[Referring expression grounding data]
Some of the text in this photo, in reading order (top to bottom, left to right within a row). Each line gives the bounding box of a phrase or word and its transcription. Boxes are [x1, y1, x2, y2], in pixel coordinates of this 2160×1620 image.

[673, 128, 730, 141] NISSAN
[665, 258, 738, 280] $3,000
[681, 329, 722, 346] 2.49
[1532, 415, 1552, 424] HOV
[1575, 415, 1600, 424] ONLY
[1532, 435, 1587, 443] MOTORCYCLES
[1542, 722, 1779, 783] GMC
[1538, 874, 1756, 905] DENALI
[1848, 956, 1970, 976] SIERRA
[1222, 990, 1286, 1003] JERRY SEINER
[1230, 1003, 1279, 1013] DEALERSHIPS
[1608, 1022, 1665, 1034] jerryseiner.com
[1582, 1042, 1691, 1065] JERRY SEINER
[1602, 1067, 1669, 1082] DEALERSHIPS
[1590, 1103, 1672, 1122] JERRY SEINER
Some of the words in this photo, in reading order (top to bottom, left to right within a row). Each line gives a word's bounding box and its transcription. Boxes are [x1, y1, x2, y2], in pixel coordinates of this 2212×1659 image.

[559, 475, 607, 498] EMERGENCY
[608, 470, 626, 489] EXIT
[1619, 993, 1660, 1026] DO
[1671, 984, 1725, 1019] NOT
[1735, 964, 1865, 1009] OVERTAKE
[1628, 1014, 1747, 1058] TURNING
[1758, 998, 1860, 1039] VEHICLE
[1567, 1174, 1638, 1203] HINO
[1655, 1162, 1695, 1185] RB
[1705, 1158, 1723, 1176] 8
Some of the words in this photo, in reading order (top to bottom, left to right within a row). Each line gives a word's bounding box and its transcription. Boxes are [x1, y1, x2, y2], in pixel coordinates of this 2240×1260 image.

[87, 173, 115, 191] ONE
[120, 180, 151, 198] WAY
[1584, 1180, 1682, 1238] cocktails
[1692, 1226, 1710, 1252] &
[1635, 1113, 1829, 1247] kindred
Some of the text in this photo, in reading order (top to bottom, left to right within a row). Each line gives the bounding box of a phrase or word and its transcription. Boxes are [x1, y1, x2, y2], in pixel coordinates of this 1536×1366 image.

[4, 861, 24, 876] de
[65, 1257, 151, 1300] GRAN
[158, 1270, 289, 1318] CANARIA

▶ The problem:
The line containing "this 1536×1366 image." begins the span, and the last line of the records above ends it. Return that span exactly, and nothing outside it.

▶ Solution to the exercise:
Some of the text in this photo, in reading order (top to bottom, left to right within a row). Each line gives the bounding box of a phrase or word and its transcription. Boxes are [x1, y1, x2, y2], in pixel coordinates of this 1536×1366 image.

[4, 861, 24, 876] de
[65, 1257, 151, 1300] GRAN
[158, 1270, 289, 1318] CANARIA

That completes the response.